## WORK TO COMPLETE
A picture-free, exact copy of all the records below is the goal.

## SUPPLIED MATERIAL
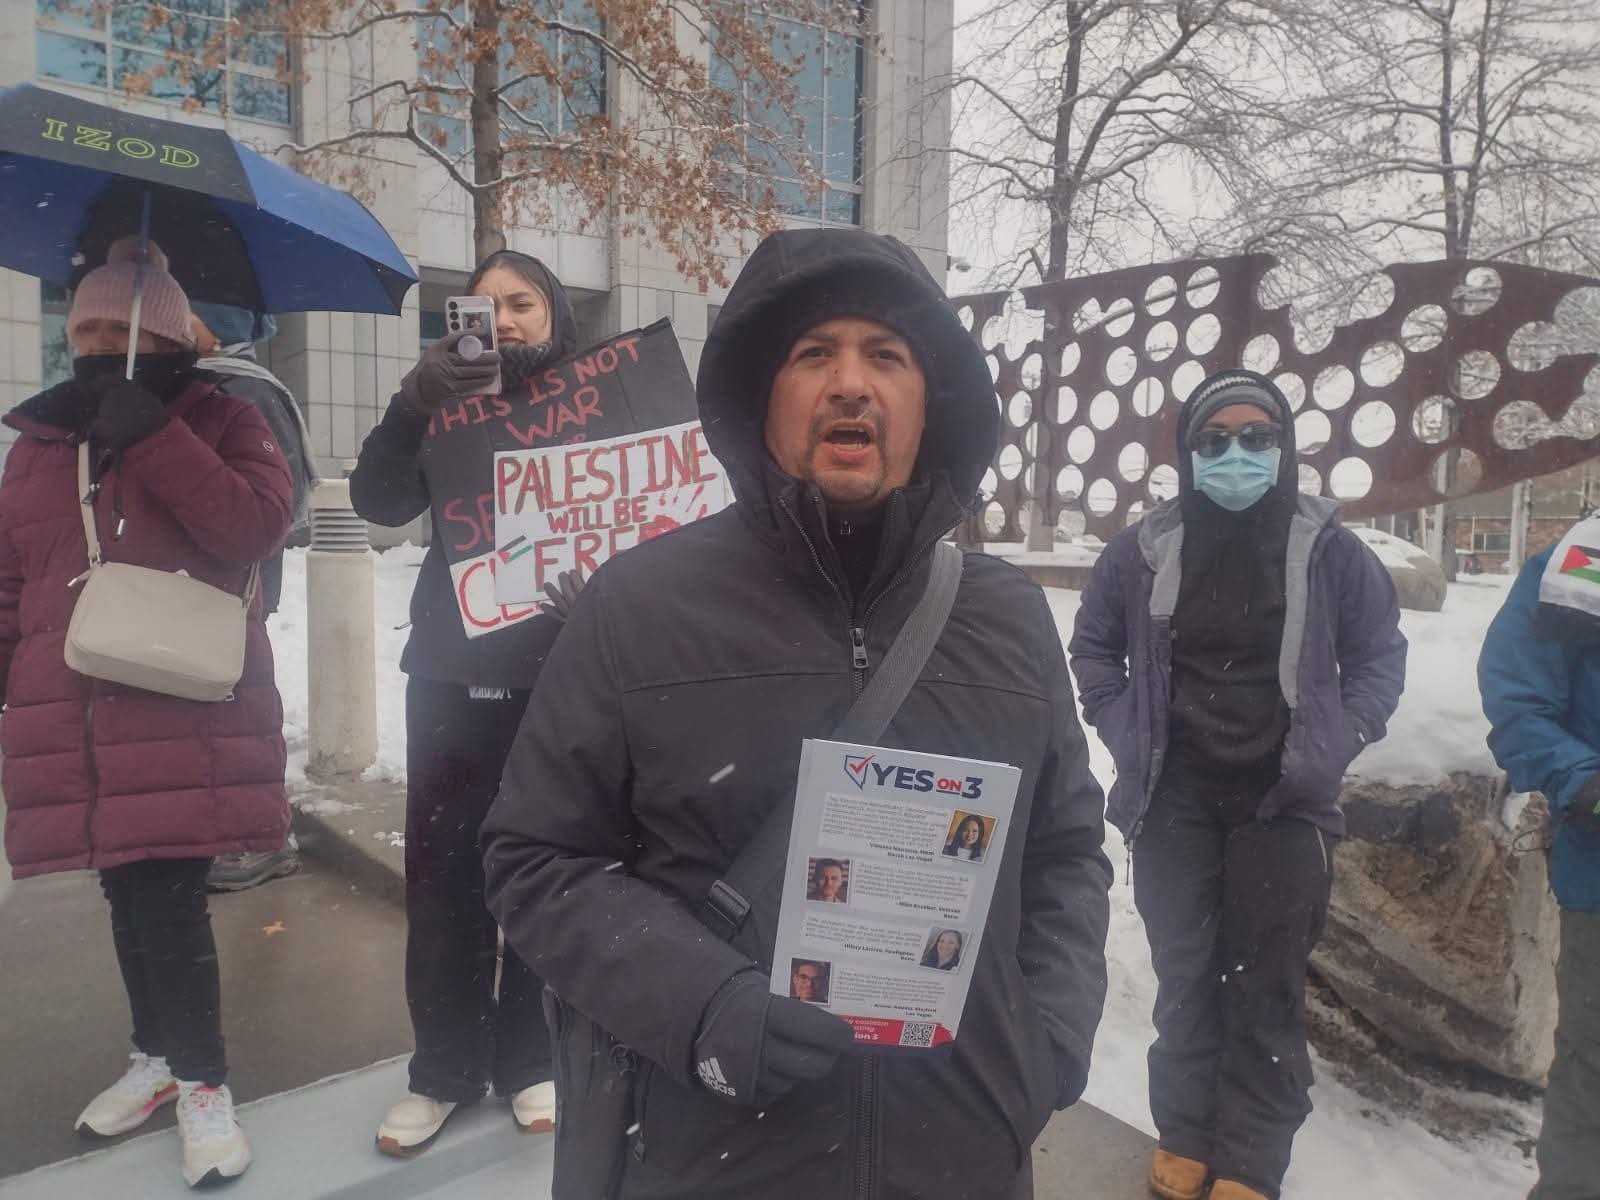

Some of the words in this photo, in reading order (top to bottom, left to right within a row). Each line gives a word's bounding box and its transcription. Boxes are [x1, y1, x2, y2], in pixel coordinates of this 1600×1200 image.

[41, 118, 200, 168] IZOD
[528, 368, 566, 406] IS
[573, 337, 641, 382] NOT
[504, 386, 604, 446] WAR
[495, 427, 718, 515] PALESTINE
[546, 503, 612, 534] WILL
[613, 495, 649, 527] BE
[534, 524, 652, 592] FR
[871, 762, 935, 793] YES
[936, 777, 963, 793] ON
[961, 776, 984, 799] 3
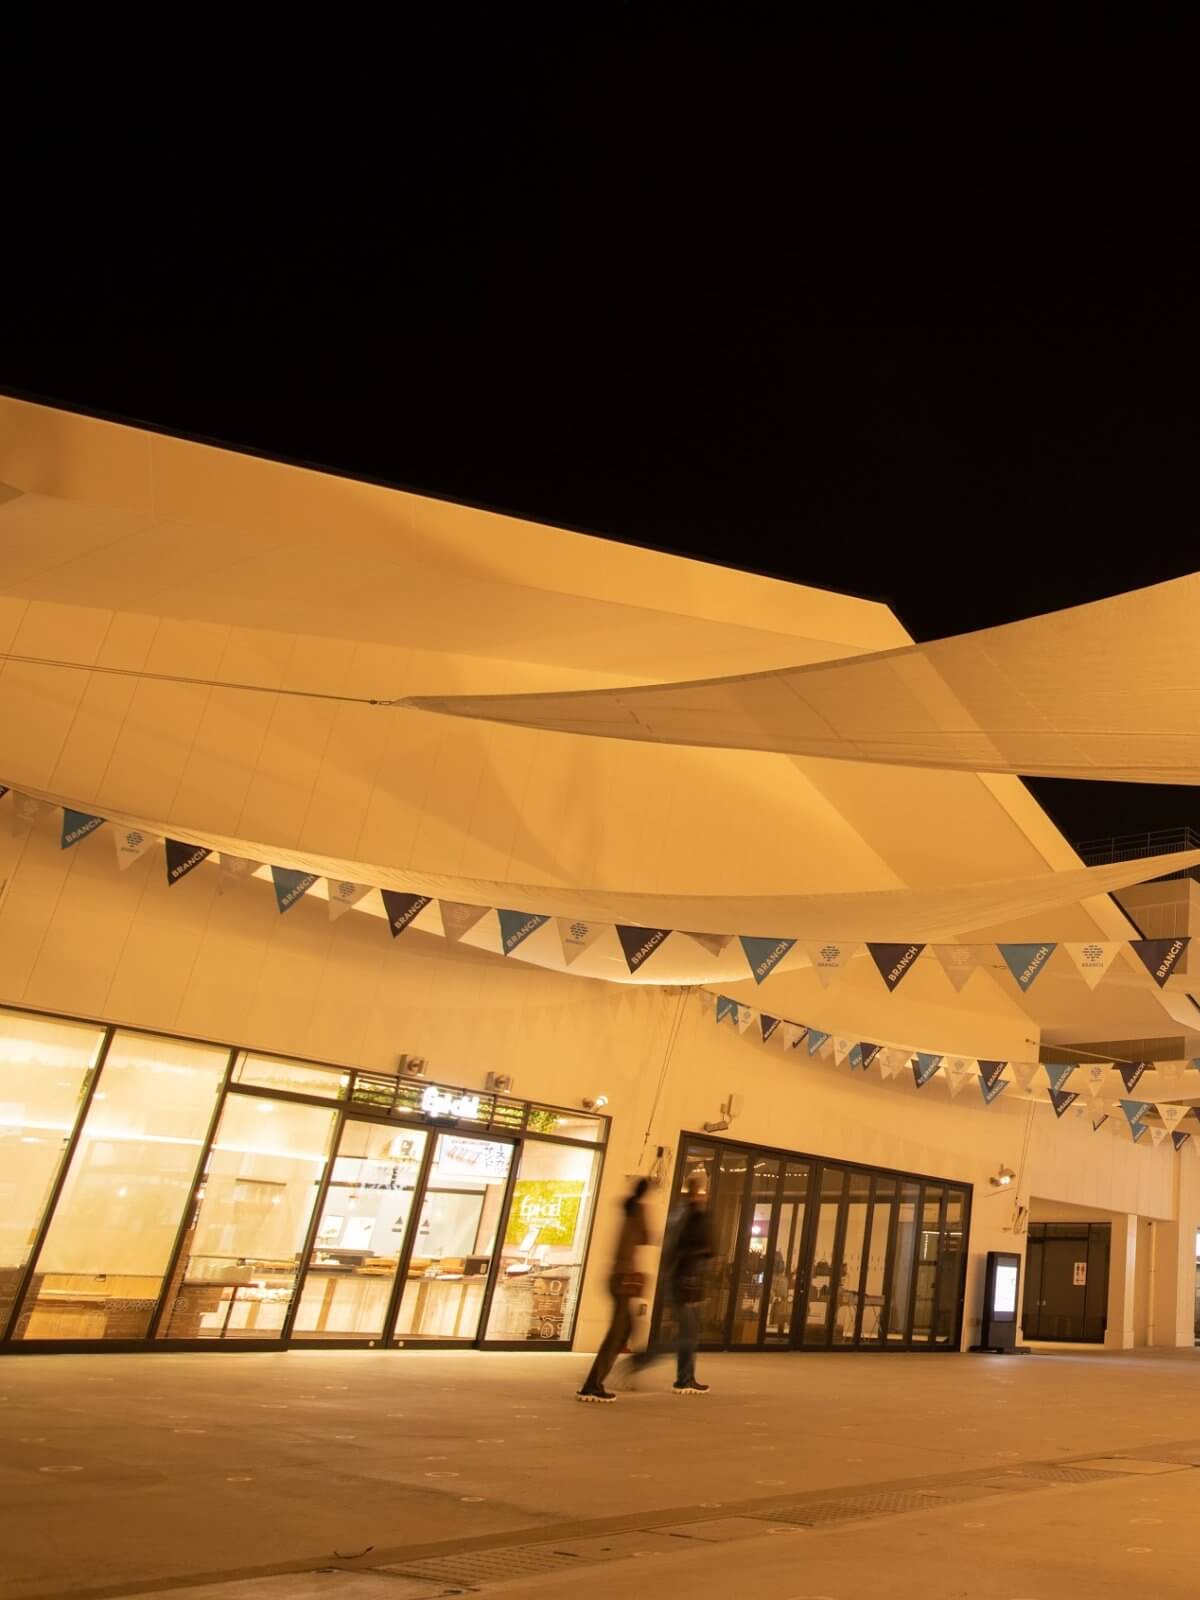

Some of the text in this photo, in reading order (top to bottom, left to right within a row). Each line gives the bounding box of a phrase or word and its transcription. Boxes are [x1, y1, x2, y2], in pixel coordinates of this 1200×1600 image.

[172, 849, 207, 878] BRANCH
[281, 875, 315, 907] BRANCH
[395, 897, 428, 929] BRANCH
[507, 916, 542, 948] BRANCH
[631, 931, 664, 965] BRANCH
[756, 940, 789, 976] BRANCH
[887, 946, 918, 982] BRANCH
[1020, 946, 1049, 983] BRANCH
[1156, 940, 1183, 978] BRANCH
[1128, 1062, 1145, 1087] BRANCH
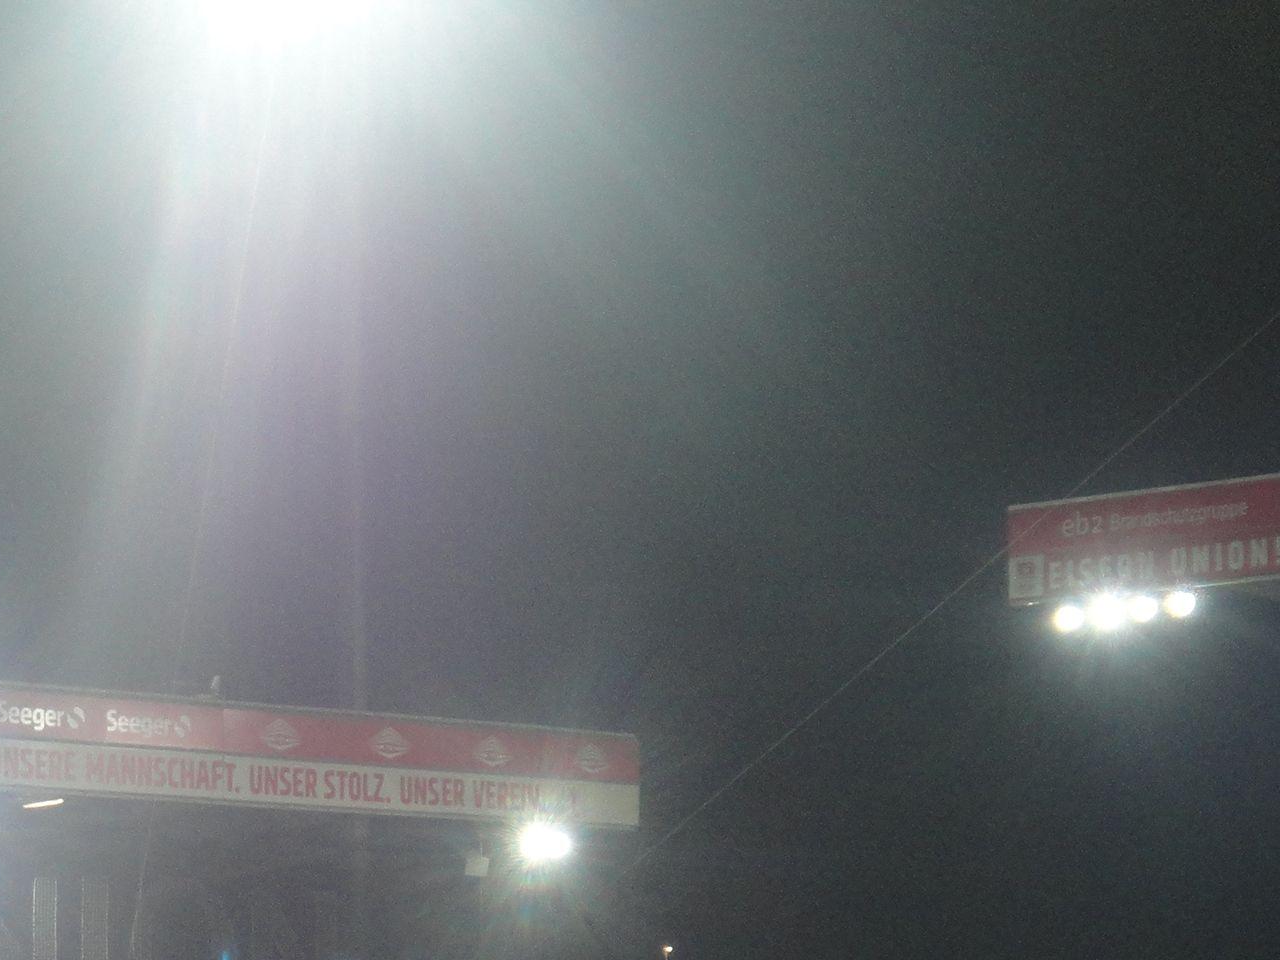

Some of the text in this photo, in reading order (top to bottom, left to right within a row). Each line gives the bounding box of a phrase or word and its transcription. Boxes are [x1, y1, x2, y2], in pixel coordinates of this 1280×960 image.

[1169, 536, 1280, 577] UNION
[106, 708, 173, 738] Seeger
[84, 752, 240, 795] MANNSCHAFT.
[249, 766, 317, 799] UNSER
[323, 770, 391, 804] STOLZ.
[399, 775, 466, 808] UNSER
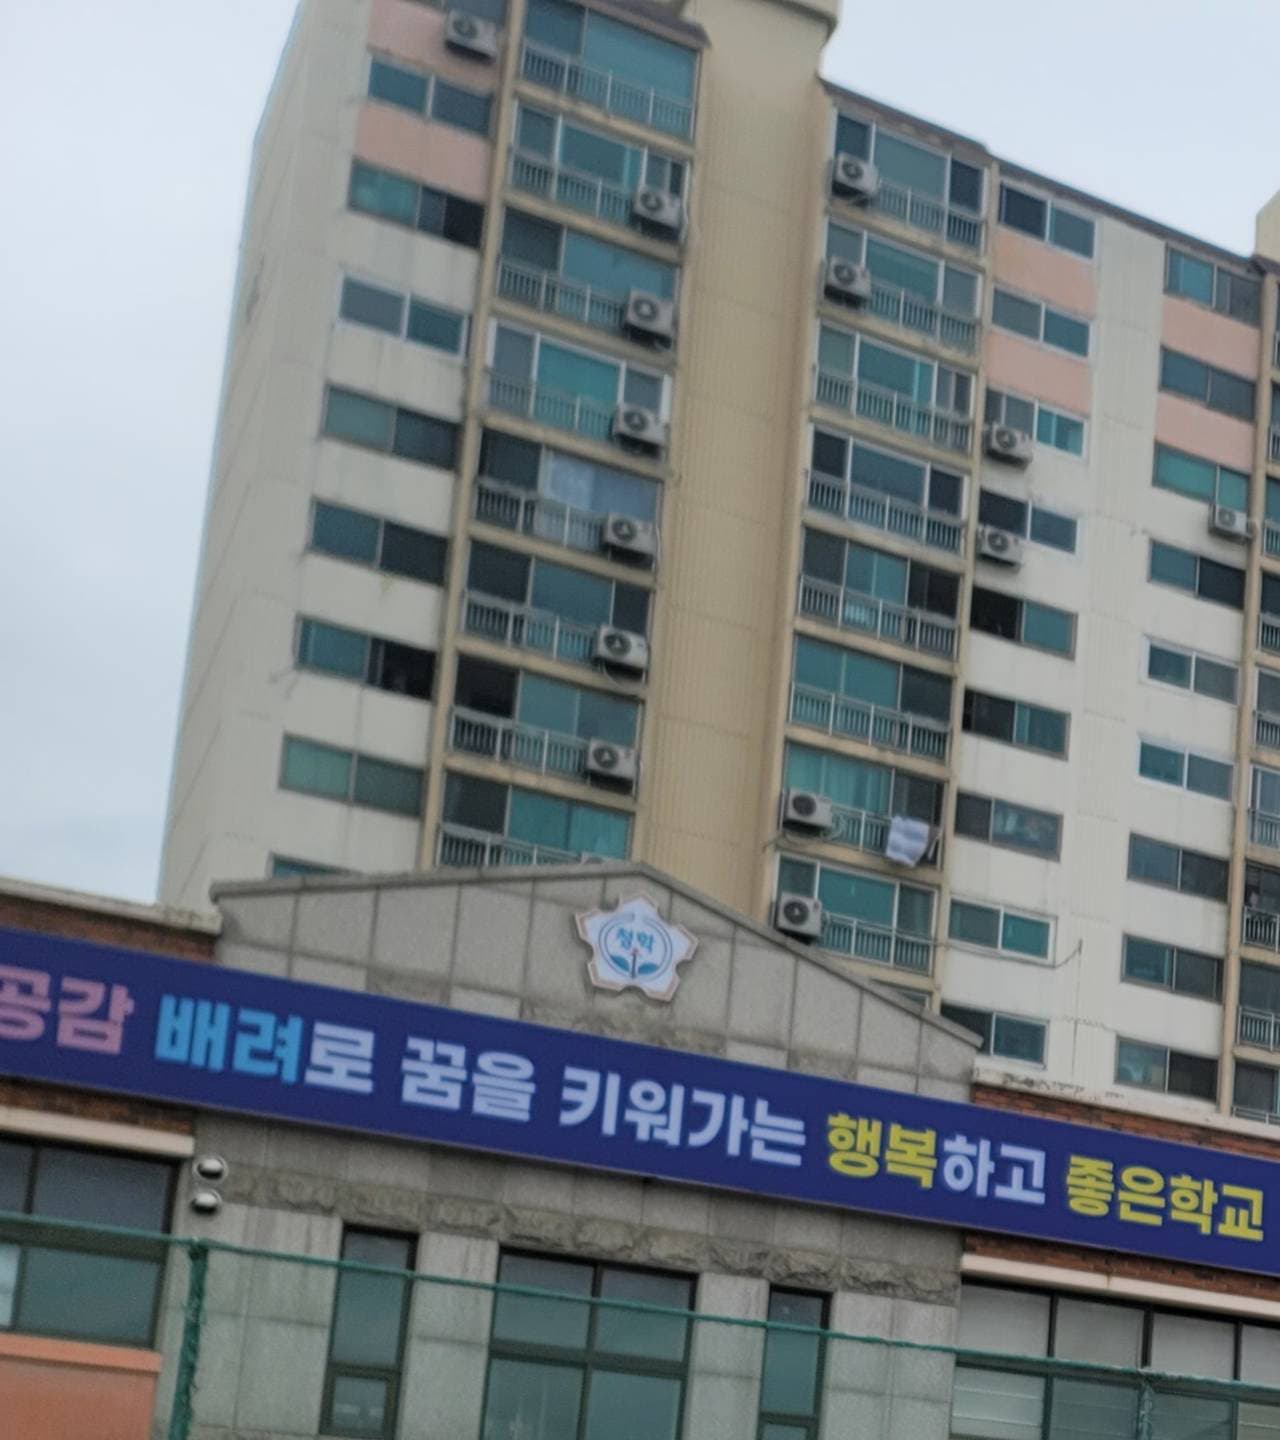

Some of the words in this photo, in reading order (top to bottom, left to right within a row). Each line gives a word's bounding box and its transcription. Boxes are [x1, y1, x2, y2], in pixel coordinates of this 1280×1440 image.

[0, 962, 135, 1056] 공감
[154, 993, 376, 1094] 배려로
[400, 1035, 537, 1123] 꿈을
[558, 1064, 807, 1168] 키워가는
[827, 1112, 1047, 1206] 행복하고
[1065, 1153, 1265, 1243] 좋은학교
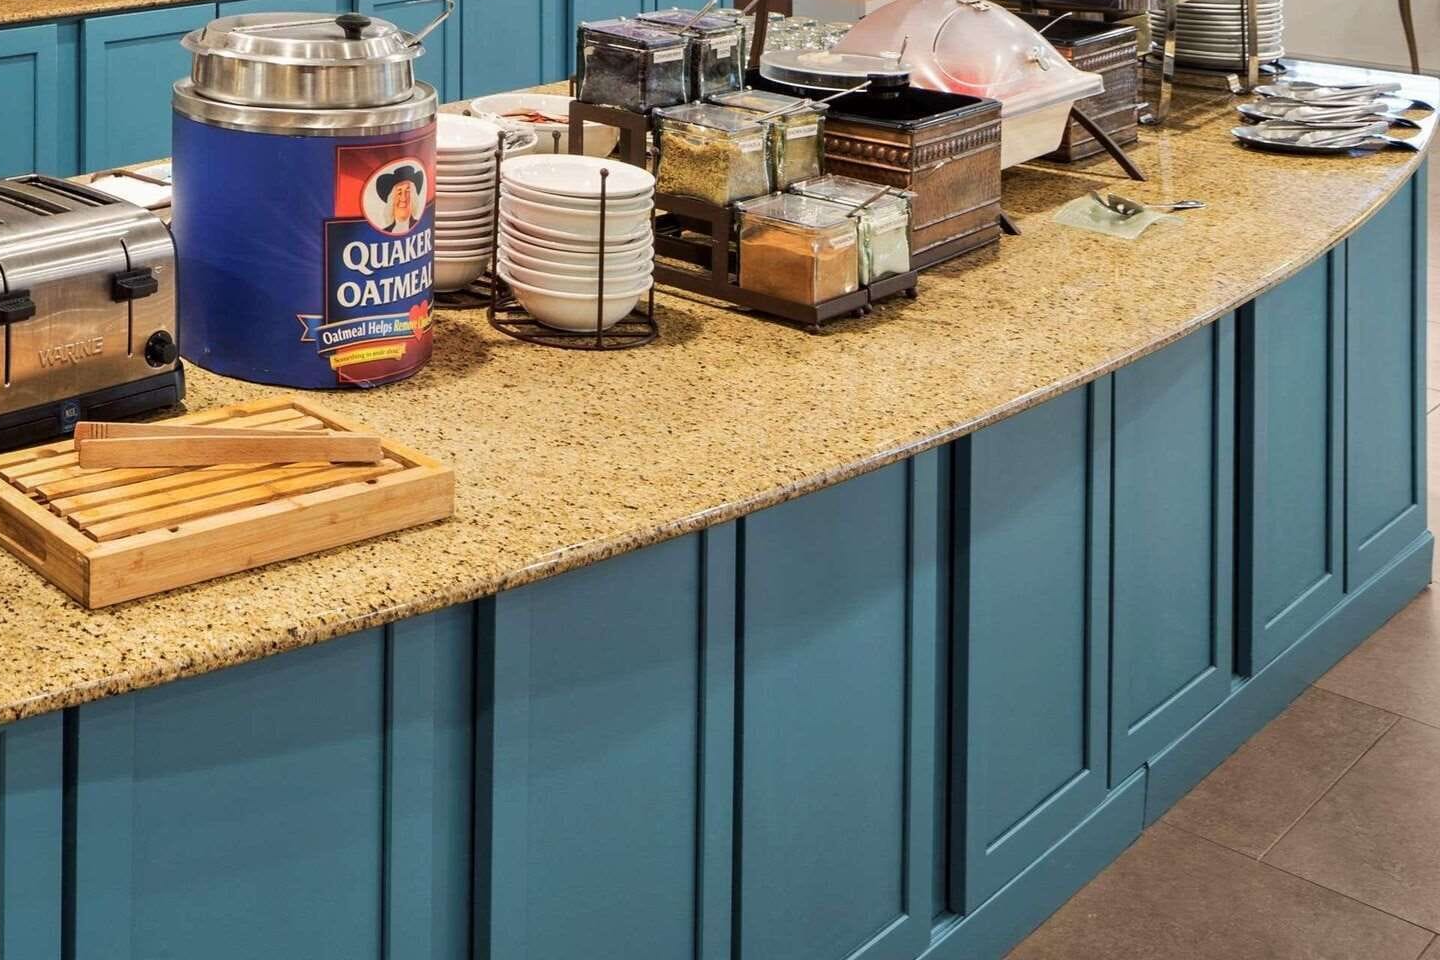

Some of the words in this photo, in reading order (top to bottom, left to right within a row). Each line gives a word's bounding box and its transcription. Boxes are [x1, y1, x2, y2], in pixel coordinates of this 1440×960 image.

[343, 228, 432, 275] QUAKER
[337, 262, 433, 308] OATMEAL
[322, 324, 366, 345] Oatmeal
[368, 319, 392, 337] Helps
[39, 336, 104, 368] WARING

## EXERCISE SOLUTION
Some of the words in this photo, in reading order (top to bottom, left to right within a row). Each line gives a word's bounding box and its transcription. Boxes are [x1, y1, x2, y2], in pixel coordinates of this 1600×1200 image.

[41, 118, 200, 168] IZOD
[528, 368, 566, 406] IS
[573, 337, 641, 382] NOT
[504, 386, 604, 446] WAR
[495, 427, 718, 515] PALESTINE
[546, 503, 612, 534] WILL
[613, 495, 649, 527] BE
[534, 524, 652, 592] FR
[871, 762, 935, 793] YES
[936, 777, 963, 793] ON
[961, 776, 984, 799] 3

Some of the text in this photo, in reading order (top to bottom, left to right within a row). Each line gives the bounding box of a phrase or word and its transcription. Boxes are [x1, y1, x2, y2], in pixel coordinates of this 1200×1600 image.

[172, 849, 207, 878] BRANCH
[281, 875, 315, 907] BRANCH
[395, 897, 428, 929] BRANCH
[507, 916, 542, 948] BRANCH
[631, 931, 664, 965] BRANCH
[756, 940, 789, 976] BRANCH
[887, 946, 918, 982] BRANCH
[1020, 946, 1049, 983] BRANCH
[1156, 940, 1183, 978] BRANCH
[1128, 1062, 1145, 1087] BRANCH

Some of the text in this photo, in reading order (top to bottom, left to right within a row). Each line gives the bounding box of a phrase or word and its transcription. Boxes are [x1, y1, x2, y2], in pixel coordinates of this 1280×960 image.

[1169, 536, 1280, 577] UNION
[106, 708, 173, 738] Seeger
[84, 752, 240, 795] MANNSCHAFT.
[249, 766, 317, 799] UNSER
[323, 770, 391, 804] STOLZ.
[399, 775, 466, 808] UNSER

Some of the words in this photo, in reading order (top to bottom, left to right within a row). Each line gives a word's bounding box and its transcription. Boxes are [x1, y1, x2, y2], in pixel coordinates of this 1280×1440 image.

[0, 962, 135, 1056] 공감
[154, 993, 376, 1094] 배려로
[400, 1035, 537, 1123] 꿈을
[558, 1064, 807, 1168] 키워가는
[827, 1112, 1047, 1206] 행복하고
[1065, 1153, 1265, 1243] 좋은학교

Some of the words in this photo, in reading order (top to bottom, left to right within a row). Each line gives a word's bounding box and its transcription. Boxes are [x1, y1, x2, y2], in pixel coordinates of this 1440×960 image.

[343, 228, 432, 275] QUAKER
[337, 262, 433, 308] OATMEAL
[322, 324, 366, 345] Oatmeal
[368, 319, 392, 337] Helps
[39, 336, 104, 368] WARING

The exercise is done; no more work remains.